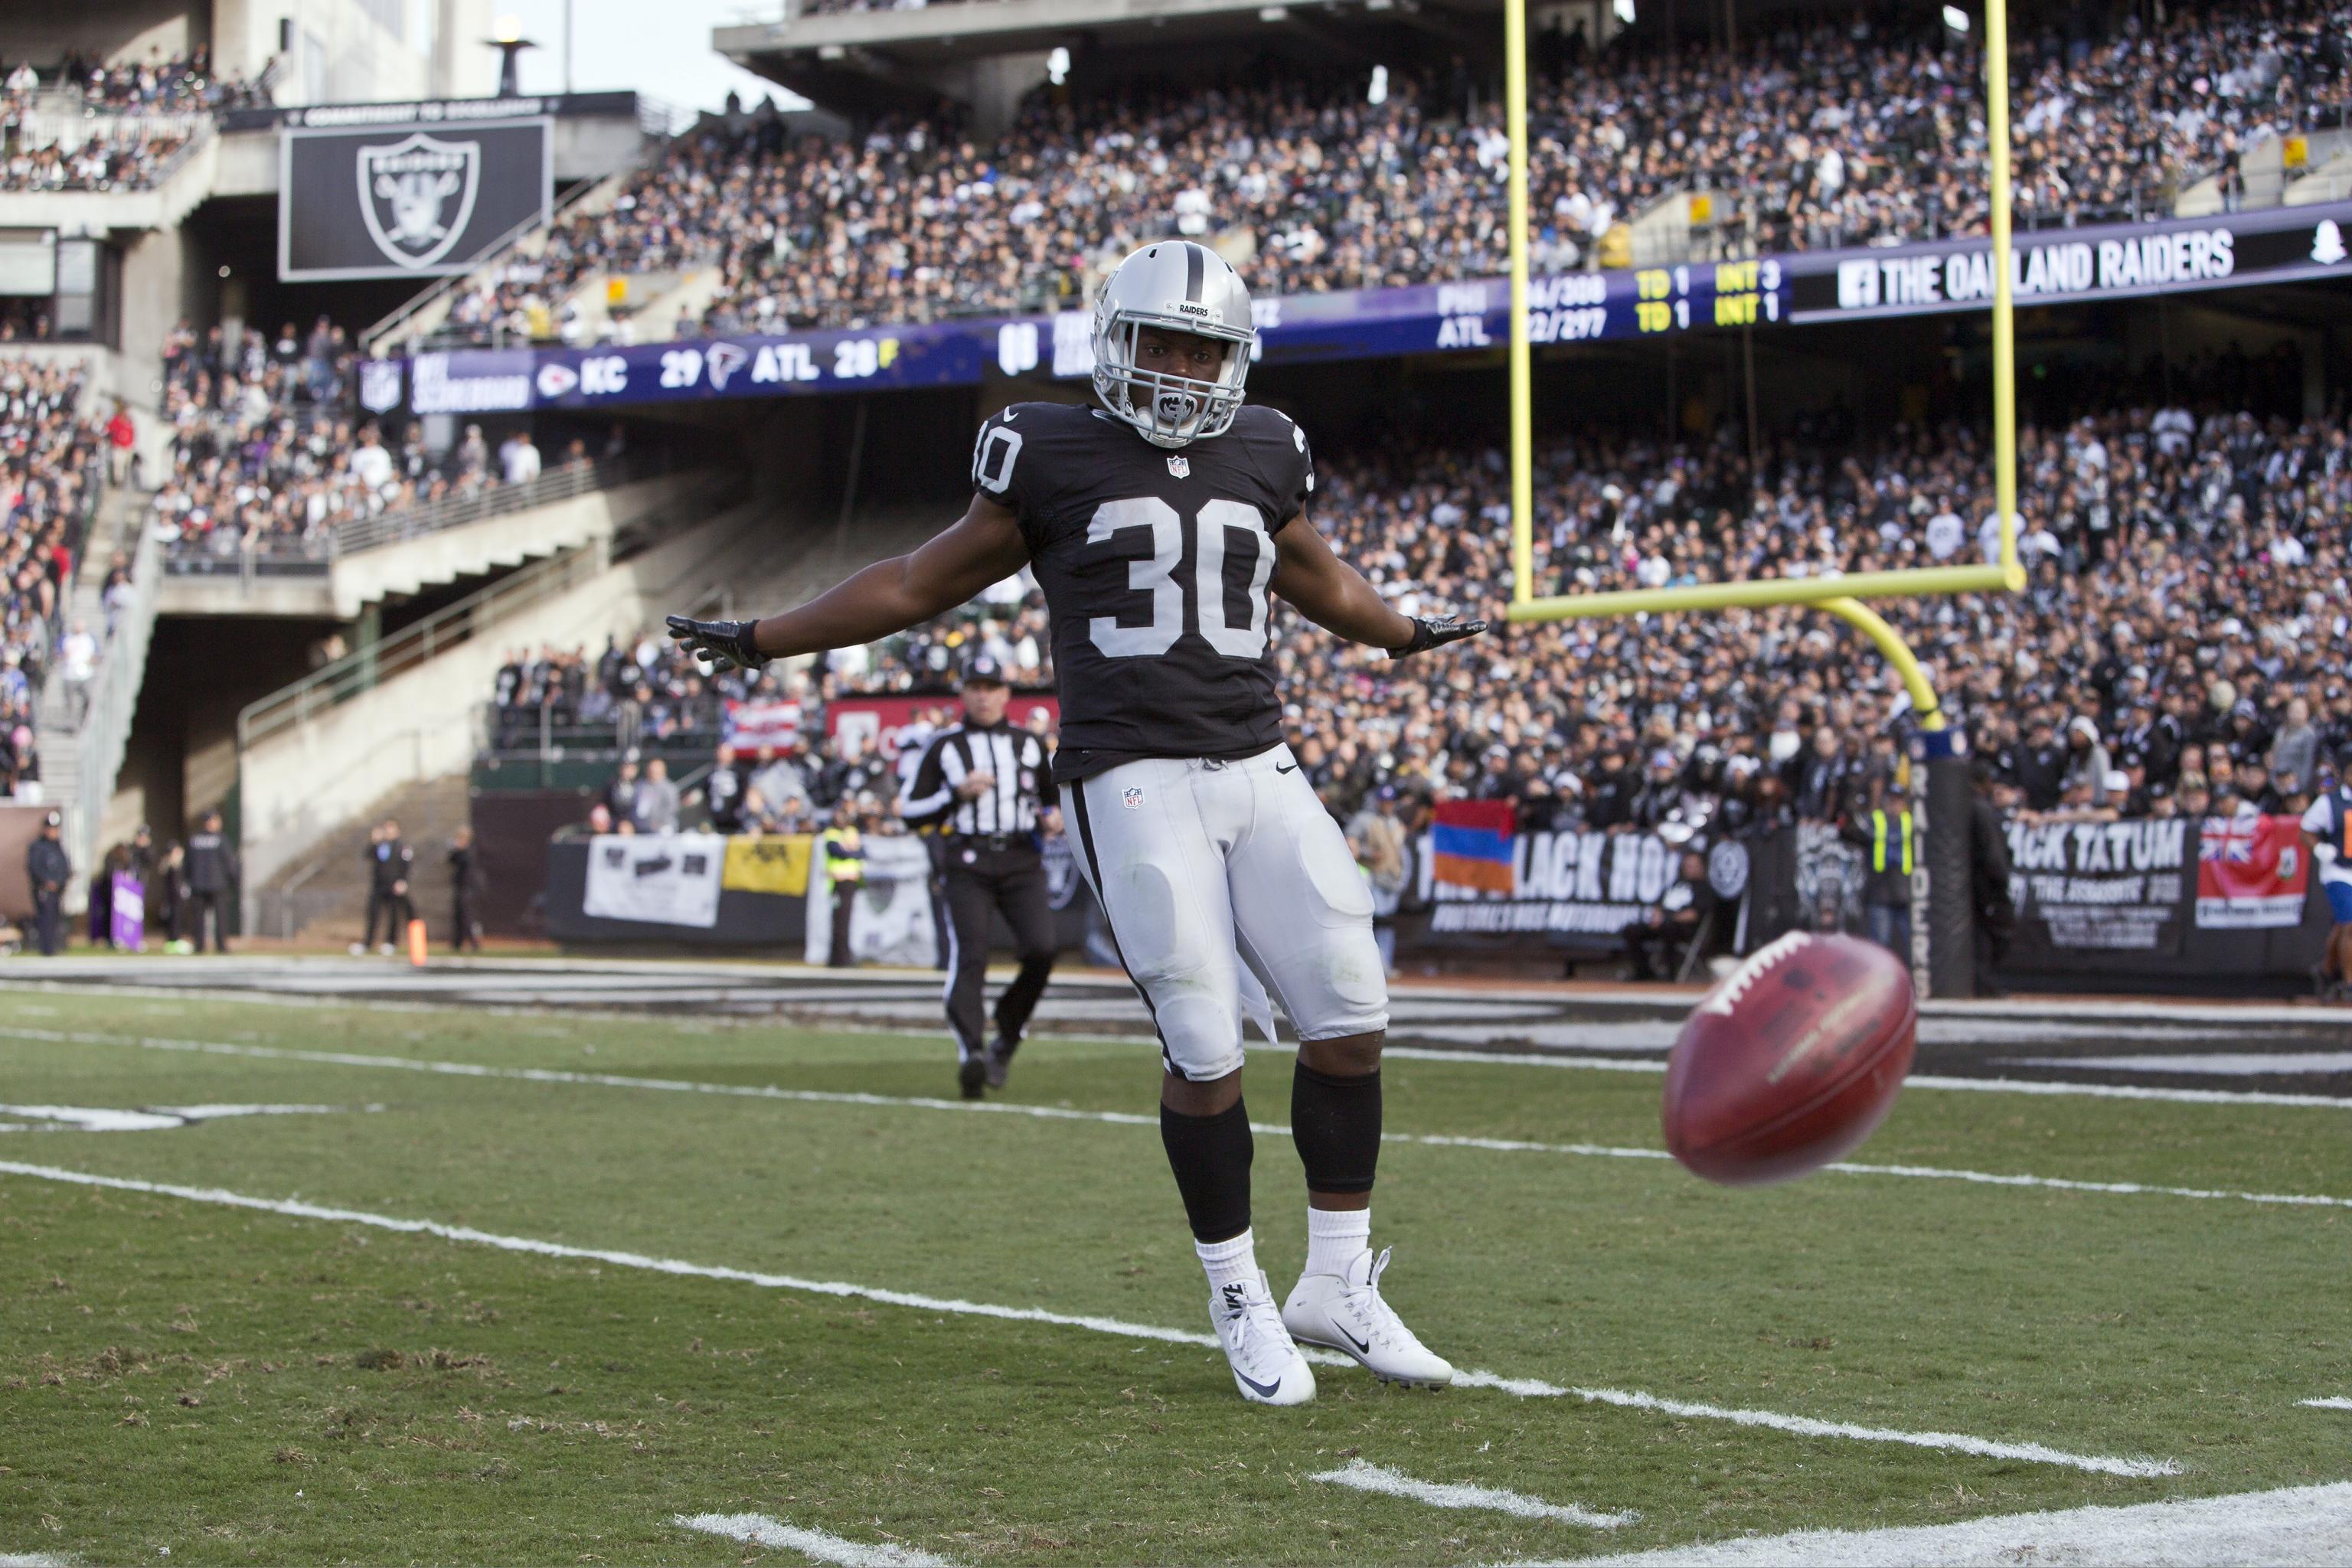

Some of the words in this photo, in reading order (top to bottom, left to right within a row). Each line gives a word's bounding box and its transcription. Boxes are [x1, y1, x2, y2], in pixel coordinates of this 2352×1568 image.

[1528, 274, 1607, 311] 6/308
[1635, 269, 1671, 300] TD
[1674, 265, 1690, 296] 1
[1714, 260, 1760, 294] INT
[1762, 259, 1782, 291] 3
[1881, 253, 1942, 306] THE
[2098, 228, 2235, 289] RAIDERS
[1179, 304, 1208, 317] RAIDERS
[1436, 314, 1491, 349] ATL
[1635, 300, 1671, 333] TD
[1674, 298, 1690, 330] 1
[1714, 292, 1760, 327] INT
[1762, 291, 1780, 323] 1
[580, 354, 628, 395] KC
[659, 348, 703, 388] 29
[750, 343, 822, 383] ATL
[833, 338, 878, 378] 28
[1086, 496, 1276, 659] 30
[1493, 831, 1606, 902] LACK
[2007, 821, 2071, 871] ACK
[2073, 818, 2187, 873] TATUM
[1910, 763, 1930, 1000] RAIDERS
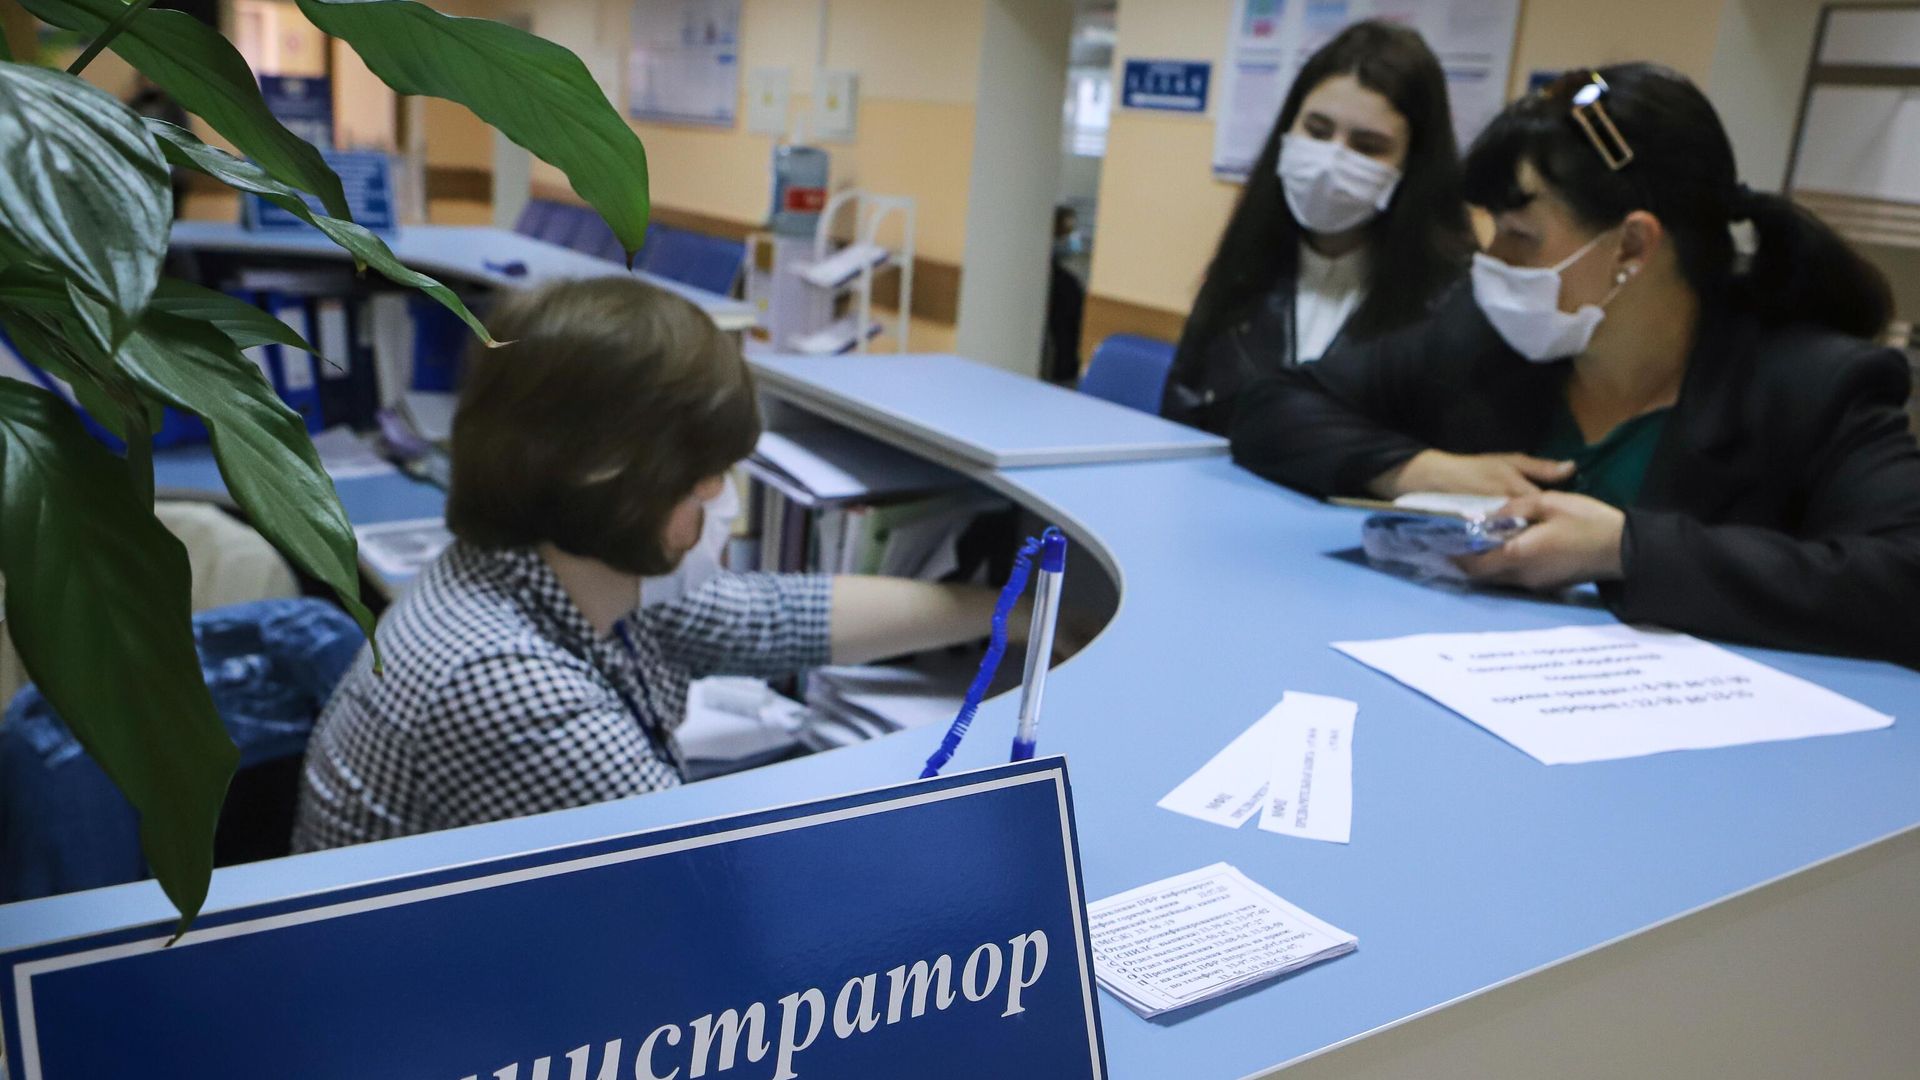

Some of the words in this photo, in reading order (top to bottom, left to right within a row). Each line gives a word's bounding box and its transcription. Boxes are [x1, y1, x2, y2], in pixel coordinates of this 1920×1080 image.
^^^^^^^^^^^^^^^^
§ Exercise prompt
Transcribe every line of the records exactly. Pictures do not belong in the copy.

§ Exercise output
Some of the words in this photo, in reading order (top to bottom, left to right within a row). Each line gives a word's bounding box and its transcription. Boxes are [x1, y1, x2, y2], in pixel coordinates of this 2352×1568 image.

[1528, 274, 1607, 311] 6/308
[1635, 269, 1671, 300] TD
[1674, 265, 1690, 296] 1
[1714, 260, 1760, 294] INT
[1762, 259, 1782, 291] 3
[1881, 253, 1942, 306] THE
[2098, 228, 2235, 289] RAIDERS
[1179, 304, 1208, 317] RAIDERS
[1436, 314, 1491, 349] ATL
[1635, 300, 1671, 333] TD
[1674, 298, 1690, 330] 1
[1714, 292, 1760, 327] INT
[1762, 291, 1780, 323] 1
[580, 354, 628, 395] KC
[659, 348, 703, 388] 29
[750, 343, 822, 383] ATL
[833, 338, 878, 378] 28
[1086, 496, 1276, 659] 30
[1493, 831, 1606, 902] LACK
[2007, 821, 2071, 871] ACK
[2073, 818, 2187, 873] TATUM
[1910, 763, 1930, 1000] RAIDERS

Some of the words in this photo, in reading order (top to bottom, left to right within a row). Each line gives a word's bounding box and its transcription. Boxes are [x1, y1, x2, y2], in pixel coordinates of this 1920×1080 image.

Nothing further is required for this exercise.